The scientist had long wanted to dig into the mathematics of solar flares. In particular, he had tried examining a dataset of thousands of flares that occurred between 2011 and 2018 and had been spotted by instruments in space. They included the National Oceanic and Atmospheric Administration’s Geostationary Operational Environmental Satellite (GOES) series and NASA’s Miniature X-ray Solar Spectrometer (MinXSS), a CubeSat mission designed and built at LASP.
The problem: There were just too many flares to examine on his own.
That’s when Mason and Lewandowski turned to the students for help.
Mason explained that you can infer details about the behavior of nanoflares by studying the physics of larger flares, which scientists have observed directly for decades.
To do just that, students split into groups of three or four and picked a normal flare they wanted to analyze over the course of the semester. Then, through a series of lengthy calculations, they added up how much heat could each of these events pour into the sun’s corona.

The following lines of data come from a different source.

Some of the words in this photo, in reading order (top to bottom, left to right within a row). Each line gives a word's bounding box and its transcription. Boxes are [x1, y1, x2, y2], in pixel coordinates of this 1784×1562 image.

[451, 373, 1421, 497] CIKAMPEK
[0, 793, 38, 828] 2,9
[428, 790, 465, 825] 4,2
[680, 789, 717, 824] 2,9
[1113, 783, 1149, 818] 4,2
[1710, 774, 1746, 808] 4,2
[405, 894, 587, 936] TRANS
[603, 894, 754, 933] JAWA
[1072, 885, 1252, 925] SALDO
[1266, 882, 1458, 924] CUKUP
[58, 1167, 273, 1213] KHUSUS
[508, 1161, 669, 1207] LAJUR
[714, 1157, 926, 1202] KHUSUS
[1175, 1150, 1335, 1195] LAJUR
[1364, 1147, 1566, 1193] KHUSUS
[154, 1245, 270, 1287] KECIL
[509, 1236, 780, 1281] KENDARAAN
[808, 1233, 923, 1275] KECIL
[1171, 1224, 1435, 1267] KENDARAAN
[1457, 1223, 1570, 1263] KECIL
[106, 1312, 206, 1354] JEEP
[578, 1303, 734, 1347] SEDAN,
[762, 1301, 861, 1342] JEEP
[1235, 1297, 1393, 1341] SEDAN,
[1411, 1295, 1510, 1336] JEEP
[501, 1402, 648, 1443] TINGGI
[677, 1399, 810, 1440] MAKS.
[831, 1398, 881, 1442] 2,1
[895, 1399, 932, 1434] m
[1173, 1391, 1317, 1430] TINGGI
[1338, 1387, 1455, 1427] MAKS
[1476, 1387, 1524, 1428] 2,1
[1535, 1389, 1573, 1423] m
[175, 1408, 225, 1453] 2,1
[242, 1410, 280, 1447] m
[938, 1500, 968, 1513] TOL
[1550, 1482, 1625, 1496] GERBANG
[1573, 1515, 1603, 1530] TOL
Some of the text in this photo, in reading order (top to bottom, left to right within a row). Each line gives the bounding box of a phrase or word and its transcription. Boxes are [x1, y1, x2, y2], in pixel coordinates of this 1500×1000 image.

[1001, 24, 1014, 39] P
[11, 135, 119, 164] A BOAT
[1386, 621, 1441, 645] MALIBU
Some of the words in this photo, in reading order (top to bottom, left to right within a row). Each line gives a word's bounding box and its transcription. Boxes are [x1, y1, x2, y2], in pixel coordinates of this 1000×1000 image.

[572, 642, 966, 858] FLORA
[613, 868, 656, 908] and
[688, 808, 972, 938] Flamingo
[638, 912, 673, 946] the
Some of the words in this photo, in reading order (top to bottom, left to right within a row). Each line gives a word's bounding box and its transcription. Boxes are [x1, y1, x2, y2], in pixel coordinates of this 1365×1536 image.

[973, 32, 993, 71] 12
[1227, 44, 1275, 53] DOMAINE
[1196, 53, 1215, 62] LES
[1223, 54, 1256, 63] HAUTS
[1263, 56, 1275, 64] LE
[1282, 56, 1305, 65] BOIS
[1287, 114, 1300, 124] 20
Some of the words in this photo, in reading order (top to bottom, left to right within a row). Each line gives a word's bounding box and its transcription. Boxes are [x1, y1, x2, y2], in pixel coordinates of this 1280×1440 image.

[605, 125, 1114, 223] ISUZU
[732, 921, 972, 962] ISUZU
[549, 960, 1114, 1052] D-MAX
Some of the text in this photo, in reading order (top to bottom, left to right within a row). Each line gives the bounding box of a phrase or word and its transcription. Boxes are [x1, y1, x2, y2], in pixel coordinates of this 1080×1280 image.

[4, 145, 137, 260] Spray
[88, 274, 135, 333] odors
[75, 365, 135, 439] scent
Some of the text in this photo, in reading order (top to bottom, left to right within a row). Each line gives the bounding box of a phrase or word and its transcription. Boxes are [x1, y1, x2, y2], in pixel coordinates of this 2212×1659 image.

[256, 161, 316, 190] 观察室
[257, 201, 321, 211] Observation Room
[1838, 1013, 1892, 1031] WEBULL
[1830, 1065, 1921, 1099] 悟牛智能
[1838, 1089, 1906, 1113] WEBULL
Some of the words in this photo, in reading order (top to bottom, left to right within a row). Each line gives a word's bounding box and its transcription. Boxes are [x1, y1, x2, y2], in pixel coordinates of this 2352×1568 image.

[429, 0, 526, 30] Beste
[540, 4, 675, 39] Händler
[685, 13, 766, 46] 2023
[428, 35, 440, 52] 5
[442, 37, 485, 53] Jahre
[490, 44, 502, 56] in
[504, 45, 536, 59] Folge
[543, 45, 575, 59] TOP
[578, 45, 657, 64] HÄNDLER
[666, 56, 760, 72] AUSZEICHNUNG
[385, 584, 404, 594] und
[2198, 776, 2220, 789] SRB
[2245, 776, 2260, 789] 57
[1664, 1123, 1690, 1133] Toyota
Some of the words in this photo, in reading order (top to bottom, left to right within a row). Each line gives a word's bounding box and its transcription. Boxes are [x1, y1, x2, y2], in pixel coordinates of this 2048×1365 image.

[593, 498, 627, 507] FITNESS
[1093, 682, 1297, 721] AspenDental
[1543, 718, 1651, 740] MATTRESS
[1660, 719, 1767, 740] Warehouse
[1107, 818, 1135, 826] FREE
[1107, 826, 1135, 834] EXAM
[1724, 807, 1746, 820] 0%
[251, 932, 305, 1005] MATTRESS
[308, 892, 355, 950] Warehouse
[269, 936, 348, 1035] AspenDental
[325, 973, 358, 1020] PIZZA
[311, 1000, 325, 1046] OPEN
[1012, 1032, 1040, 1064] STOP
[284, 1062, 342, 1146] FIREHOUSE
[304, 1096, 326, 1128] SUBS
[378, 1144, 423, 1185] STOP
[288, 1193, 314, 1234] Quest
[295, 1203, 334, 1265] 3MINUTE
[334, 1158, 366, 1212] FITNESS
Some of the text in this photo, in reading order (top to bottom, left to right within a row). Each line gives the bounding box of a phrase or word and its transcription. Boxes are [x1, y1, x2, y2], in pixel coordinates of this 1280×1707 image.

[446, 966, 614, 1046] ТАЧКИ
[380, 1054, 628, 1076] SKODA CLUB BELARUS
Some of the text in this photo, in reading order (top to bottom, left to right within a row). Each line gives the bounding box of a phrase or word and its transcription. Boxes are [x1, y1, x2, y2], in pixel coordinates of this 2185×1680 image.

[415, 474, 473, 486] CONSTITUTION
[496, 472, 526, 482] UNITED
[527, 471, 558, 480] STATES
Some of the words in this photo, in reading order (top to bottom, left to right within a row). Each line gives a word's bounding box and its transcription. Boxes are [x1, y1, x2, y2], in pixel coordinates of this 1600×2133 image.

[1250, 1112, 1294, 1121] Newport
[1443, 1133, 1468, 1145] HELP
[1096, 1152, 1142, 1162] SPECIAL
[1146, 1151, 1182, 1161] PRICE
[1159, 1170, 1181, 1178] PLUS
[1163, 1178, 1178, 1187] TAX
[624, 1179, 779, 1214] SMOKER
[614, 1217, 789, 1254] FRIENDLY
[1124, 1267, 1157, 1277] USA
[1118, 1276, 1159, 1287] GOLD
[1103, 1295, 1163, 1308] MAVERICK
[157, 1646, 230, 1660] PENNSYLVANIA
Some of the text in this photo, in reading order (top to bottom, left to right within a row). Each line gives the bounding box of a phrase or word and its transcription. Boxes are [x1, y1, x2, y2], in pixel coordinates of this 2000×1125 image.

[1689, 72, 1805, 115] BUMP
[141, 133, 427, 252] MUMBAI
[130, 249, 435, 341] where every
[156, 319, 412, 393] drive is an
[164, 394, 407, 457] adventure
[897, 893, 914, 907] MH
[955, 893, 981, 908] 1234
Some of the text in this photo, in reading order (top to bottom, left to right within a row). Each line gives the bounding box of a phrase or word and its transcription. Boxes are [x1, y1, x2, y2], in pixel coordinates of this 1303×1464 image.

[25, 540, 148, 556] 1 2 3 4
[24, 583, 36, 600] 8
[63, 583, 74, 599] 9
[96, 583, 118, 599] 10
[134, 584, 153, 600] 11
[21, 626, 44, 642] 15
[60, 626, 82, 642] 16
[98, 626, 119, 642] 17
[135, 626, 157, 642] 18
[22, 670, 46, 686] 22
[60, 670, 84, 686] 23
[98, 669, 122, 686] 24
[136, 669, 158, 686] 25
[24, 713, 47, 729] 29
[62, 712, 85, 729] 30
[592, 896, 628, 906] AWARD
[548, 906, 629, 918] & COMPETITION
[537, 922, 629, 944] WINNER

Their calculations painted a clear picture: The sum of the sun’s nanoflares likely wouldn’t be powerful enough to heat up its corona to millions of degrees Fahrenheit.
What is making the corona so hot isn’t clear. A competing theory suggests that waves in the sun’s magnetic field carry energy from inside the sun to its atmosphere.
But the study’s actual findings aren’t its only important results. Lewandowski said her students were able to have opportunities that are rare for scientists and engineers so early in their careers—to learn first-hand about the collaborative and often-messy way that scientific research works in the real world.
“We still hear students talking about this course in the halls,” she said. “Our students were able to build a community and support each other at a time that was really tough.”
CU Boulder co-authors of the new study include Alexandra Werth, postdoctoral researcher at JILA; Colin West, teaching associate professor in physics; Allison Youngblood, astrophysicist at LASP now at the NASA Goddard Space Flight Center; Donald Woodraska, data systems team lead at LASP; and Courtney Peck, data systems software engineer at LASP and the Cooperative Institute for Research in Environmental Sciences (CIRES).